Structured 3D Latents for Scalable and Versatile 3D Generation
Jianfeng Xiang, Zelong Lv, Sicheng Xu, Yu Deng, Ruicheng Wang, Bowen Zhang, Dong Chen, Xin Tong, Jiaolong Yang
2024-12-06
Summary
This paper introduces a new method for creating high-quality 3D models called Structured LATent (SLAT), which allows for flexible and efficient generation of 3D assets from various inputs.
What's the problem?
Creating detailed and versatile 3D models can be challenging because existing methods often lack the ability to easily switch between different formats or fail to capture both the shape and texture of objects effectively. This limits the quality and usability of the generated 3D assets in various applications.
What's the solution?
The researchers developed SLAT, a unified representation that combines a sparse 3D grid with detailed visual features from advanced vision models. This approach allows the model to generate different output types, such as Radiance Fields, 3D Gaussians, and meshes, while maintaining high quality. They used rectified flow transformers to process this information and trained the model on a large dataset of diverse 3D objects, enabling it to produce high-quality results based on text or image prompts. Additionally, SLAT supports local editing of 3D models, allowing users to make specific changes without affecting the entire structure.
Why it matters?
This research is important because it enhances the ability to create and manipulate 3D assets efficiently, making it easier for designers and developers in fields like gaming, virtual reality, and animation. By providing a flexible tool that can generate high-quality models from both text and images, SLAT can significantly improve workflows in digital content creation.
Abstract
We introduce a novel 3D generation method for versatile and high-quality 3D asset creation. The cornerstone is a unified Structured LATent (SLAT) representation which allows decoding to different output formats, such as Radiance Fields, 3D Gaussians, and meshes. This is achieved by integrating a sparsely-populated 3D grid with dense multiview visual features extracted from a powerful vision foundation model, comprehensively capturing both structural (geometry) and textural (appearance) information while maintaining flexibility during decoding.

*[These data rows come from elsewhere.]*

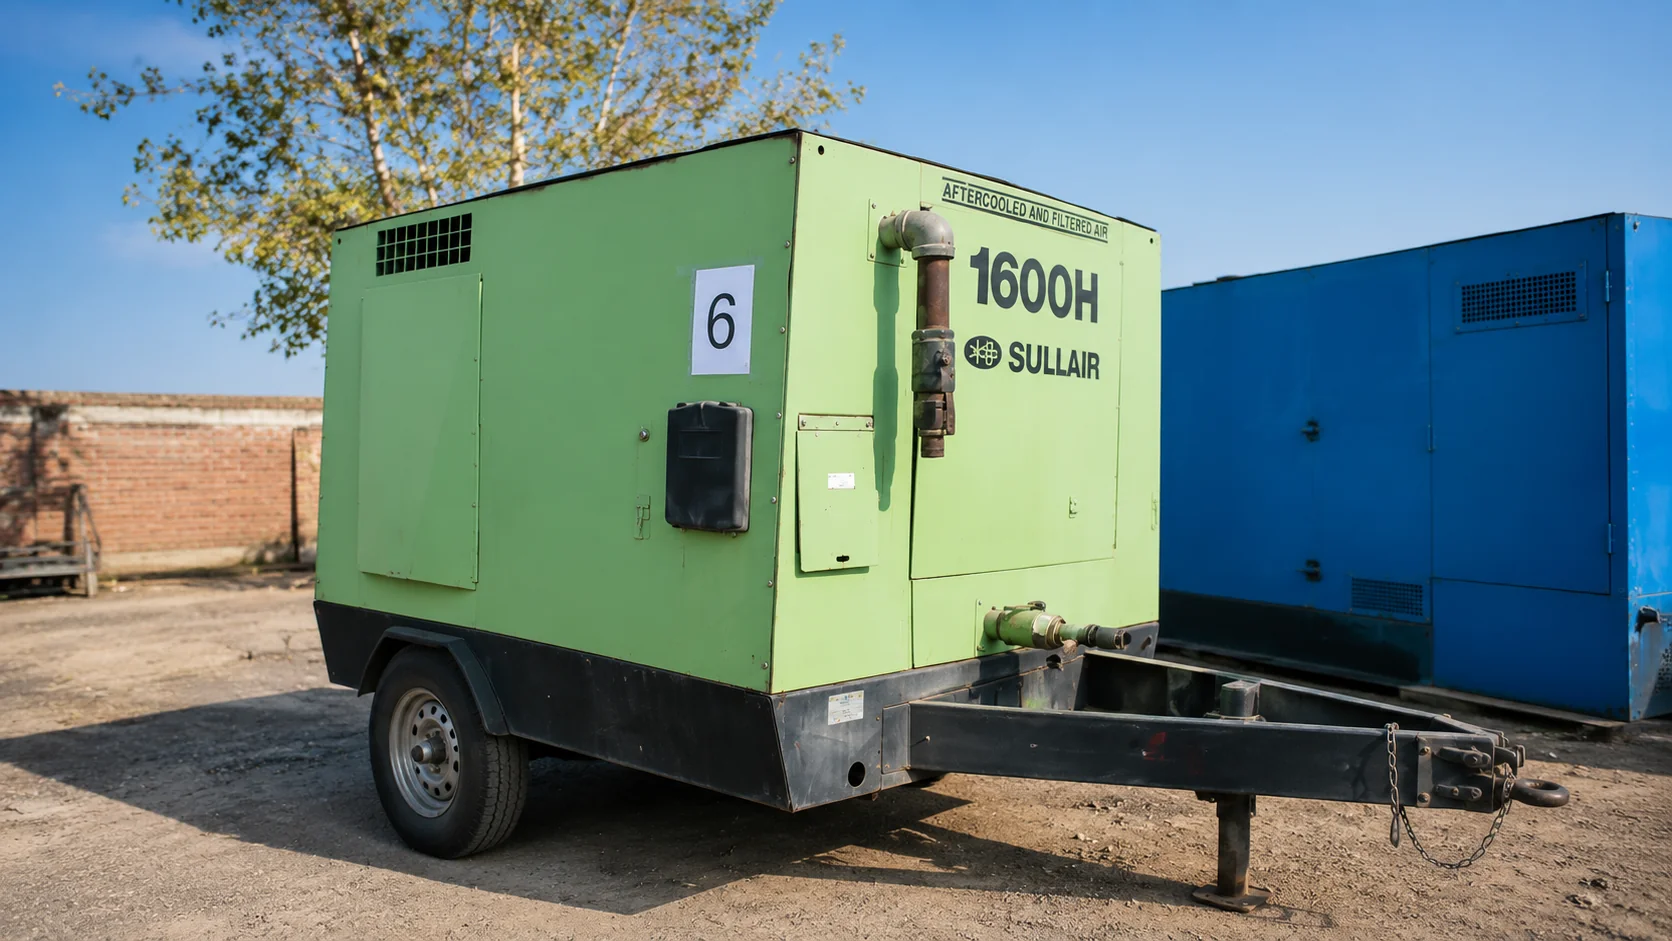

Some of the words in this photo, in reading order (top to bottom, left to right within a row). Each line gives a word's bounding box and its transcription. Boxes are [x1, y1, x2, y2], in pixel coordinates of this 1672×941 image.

[942, 182, 1027, 217] AFTERCOOLED
[1028, 205, 1050, 224] AND
[1051, 211, 1092, 235] FILTERED
[1093, 223, 1109, 240] AIR
[969, 246, 1099, 324] 1600H
[707, 292, 736, 350] 6
[1008, 340, 1100, 380] SULLAIR
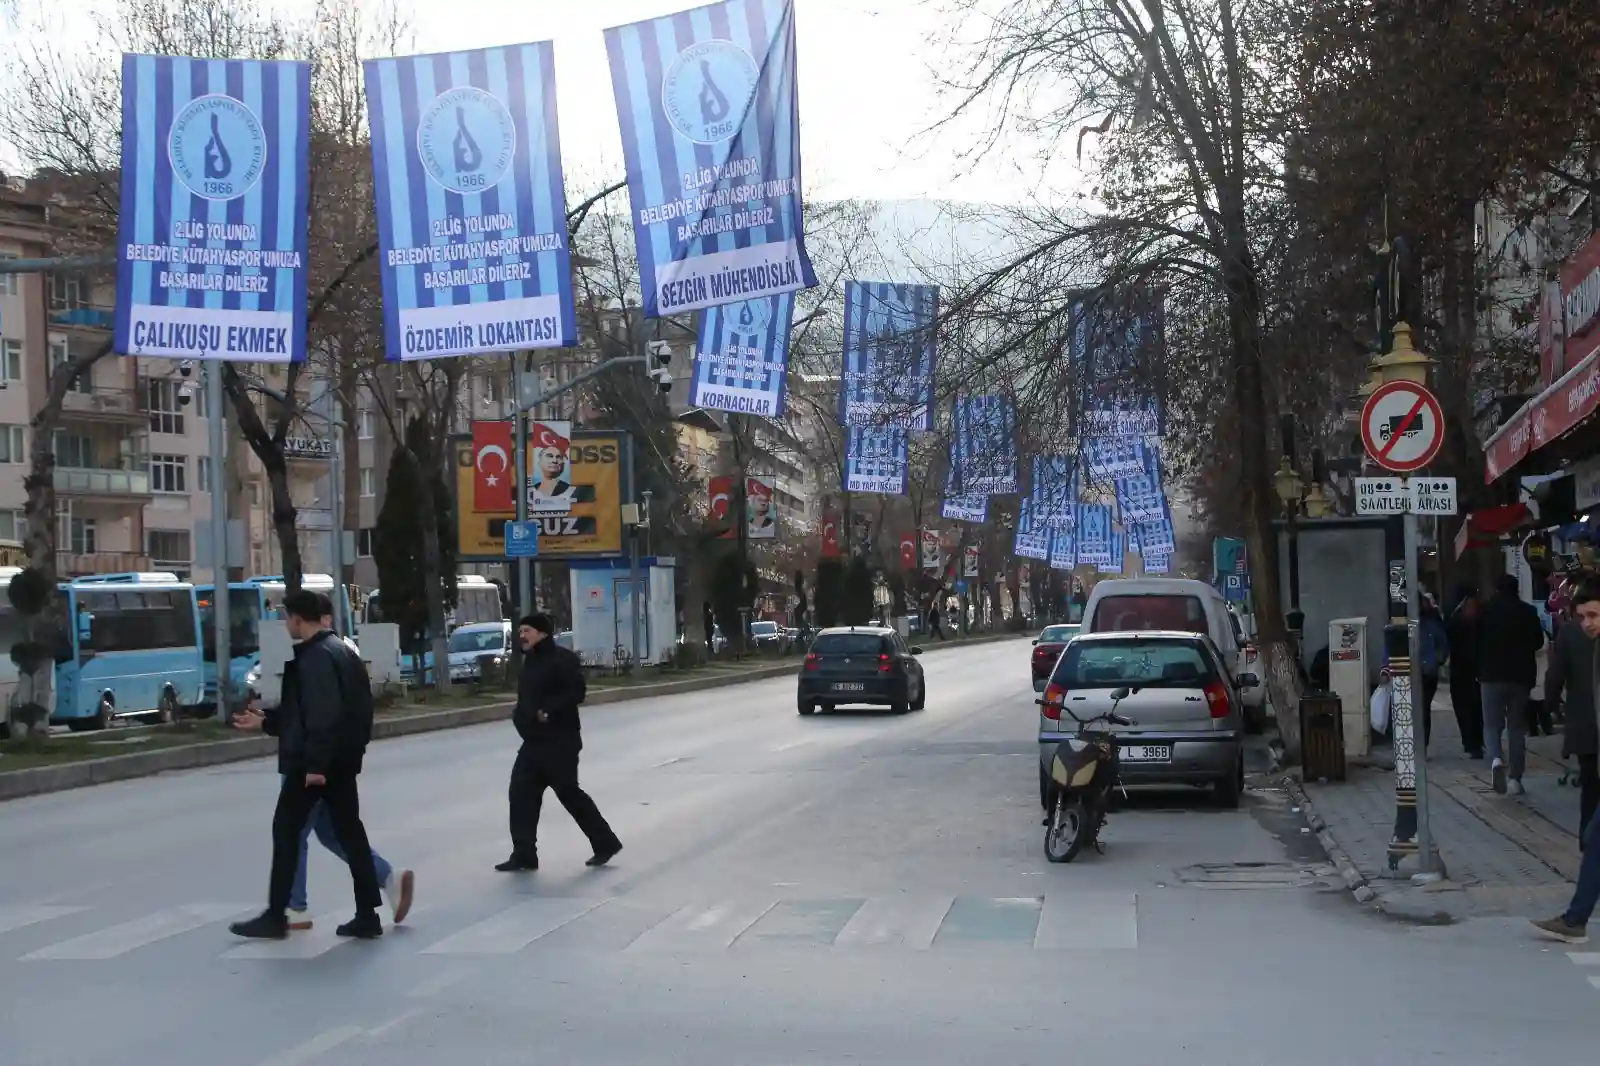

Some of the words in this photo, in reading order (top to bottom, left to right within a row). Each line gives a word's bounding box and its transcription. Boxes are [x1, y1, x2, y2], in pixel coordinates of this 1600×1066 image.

[704, 121, 733, 142] 1966
[204, 182, 233, 194] 1966
[456, 174, 485, 187] 1966
[640, 196, 693, 225] BELEDİYE
[735, 204, 774, 229] DİLERİZ
[175, 218, 204, 238] 2.LİG
[206, 223, 256, 241] YOLUNDA
[434, 214, 461, 236] 2.LİG
[464, 214, 514, 233] YOLUNDA
[126, 242, 179, 263] BELEDİYE
[388, 244, 441, 266] BELEDİYE
[160, 271, 223, 294] BAŞARILAR
[226, 271, 268, 292] DİLERİZ
[424, 269, 486, 293] BAŞARILAR
[489, 261, 531, 282] DİLERİZ
[662, 272, 708, 309] SEZGİN
[710, 256, 799, 300] MÜHENDİSLİK
[134, 320, 220, 356] ÇALIKUŞU
[227, 326, 287, 353] EKMEK
[406, 321, 474, 353] ÖZDEMİR
[479, 317, 557, 346] LOKANTASI
[702, 392, 770, 413] KORNACILAR
[862, 481, 876, 490] YAPI
[1418, 497, 1451, 510] ARASI
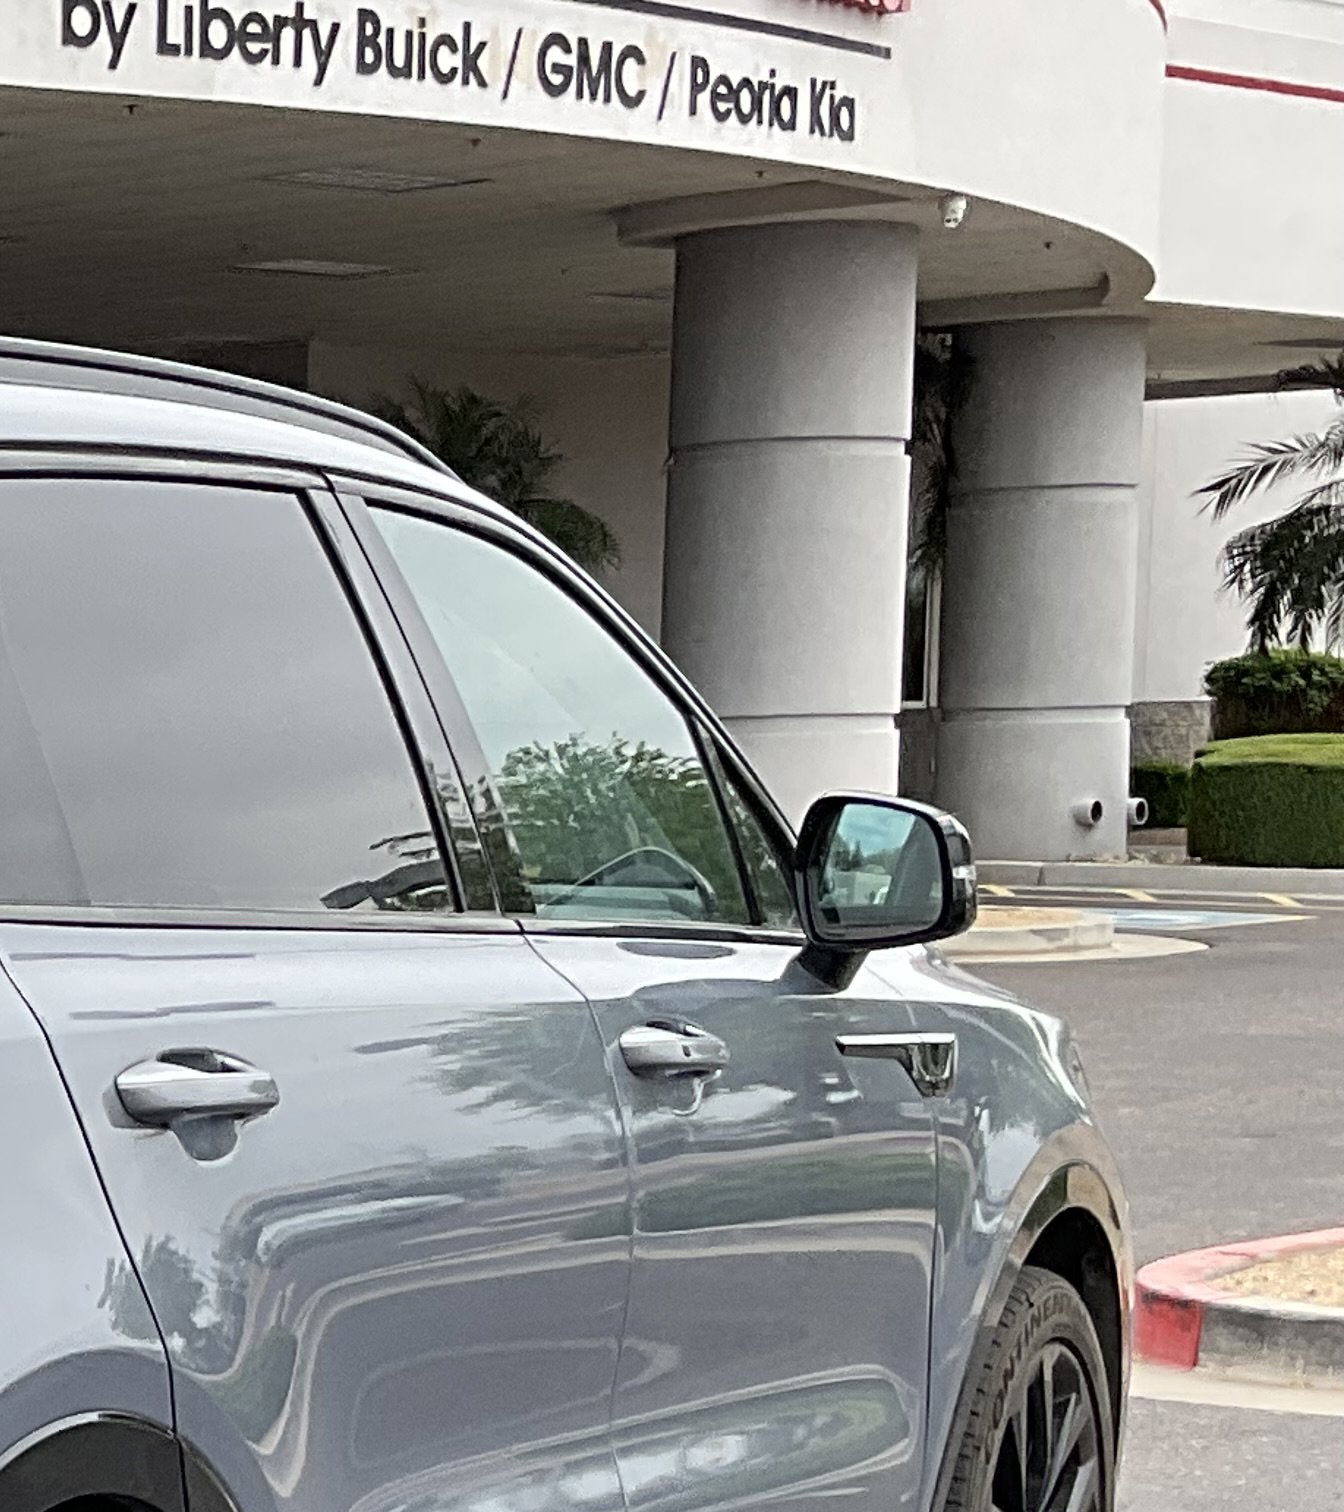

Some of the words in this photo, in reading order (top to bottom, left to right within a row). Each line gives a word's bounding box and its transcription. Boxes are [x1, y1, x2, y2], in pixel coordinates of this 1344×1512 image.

[61, 0, 138, 70] by
[156, 0, 341, 87] Liberty
[356, 8, 488, 88] Buick
[537, 32, 647, 109] GMC
[689, 55, 798, 132] Peoria
[809, 77, 855, 142] Kia

We employ rectified flow transformers tailored for SLAT as our 3D generation models and train models with up to 2 billion parameters on a large 3D asset dataset of 500K diverse objects. Our model generates high-quality results with text or image conditions, significantly surpassing existing methods, including recent ones at similar scales. We showcase flexible output format selection and local 3D editing capabilities which were not offered by previous models. Code, model, and data will be released.